La finalización de los esquemas de contención tarifaria y de precios de referencia en el sector de los hidrocarburos suele abrir un período de reconfiguración en las pizarras de las estaciones de servicio. Cuando las variables internacionales muestran una tendencia a la baja prolongada, los mecanismos de amortiguación interna dejan de cumplir una función de escudo para el consumidor y comienzan a operar como un elemento de distorsión sobre los valores reales de mercado. La convergencia hacia los precios internacionales representa un alivio para la macroeconomía y un indicador de desaceleración en la matriz de costos del transporte.
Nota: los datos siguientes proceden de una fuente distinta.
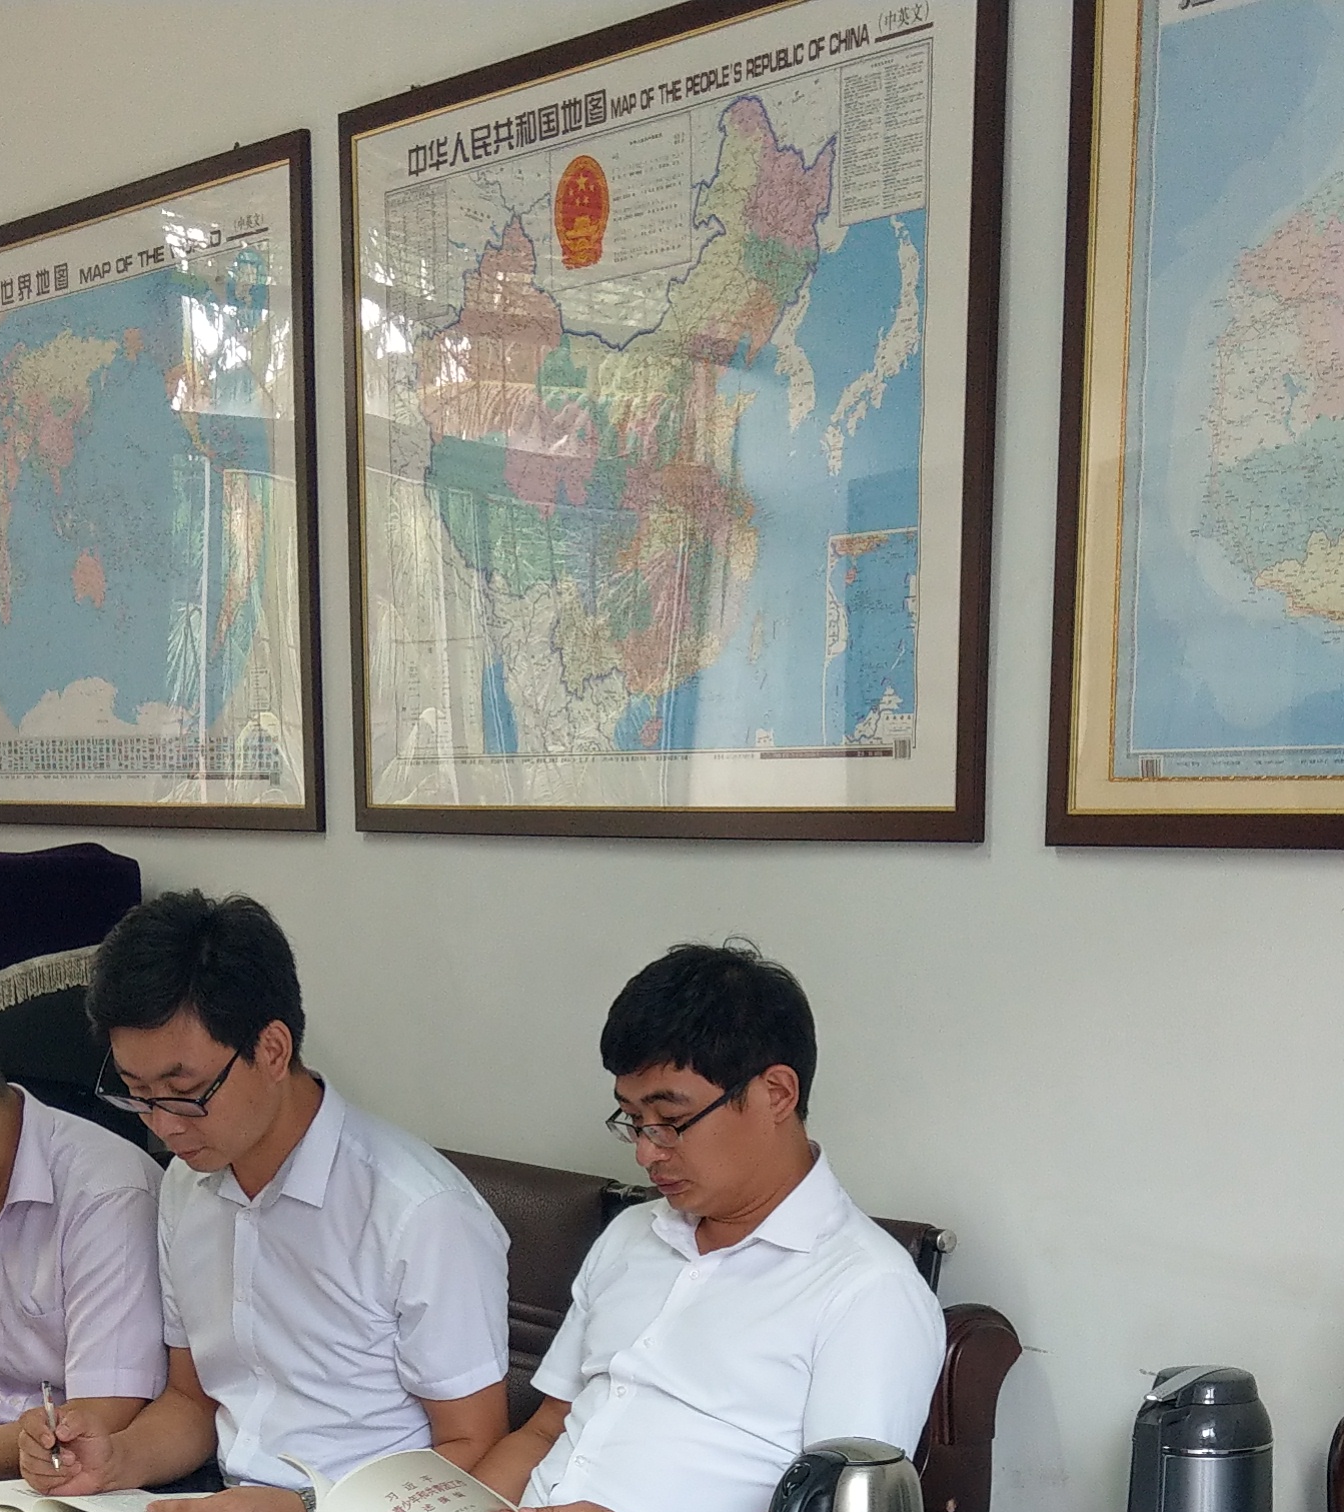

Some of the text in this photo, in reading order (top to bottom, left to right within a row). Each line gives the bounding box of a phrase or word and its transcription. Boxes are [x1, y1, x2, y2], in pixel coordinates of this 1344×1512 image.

YPF, la compañía que controla más del 55% del mercado de combustibles en la Argentina, se encamina a concluir el próximo 30 de junio el sistema de buffer implementado el pasado 1° de abril. Esta herramienta fue diseñada específicamente para evitar que la volatilidad extrema del barril Brent afectara de forma directa el índice de inflación local. Fuentes de la industria refinadora confirmaron que, tras la extensión de 45 días otorgada en mayo, las cuentas compensadoras de las petroleras están cerca de equilibrarse, abriendo la puerta a una rebaja nominal que rompería una racha alcista de varios meses en la nafta súper y el gasoil.
El comportamiento de los expendedores minoristas dependerá de los movimientos que realice la petrolera estatal para marcar la nueva pauta de precios.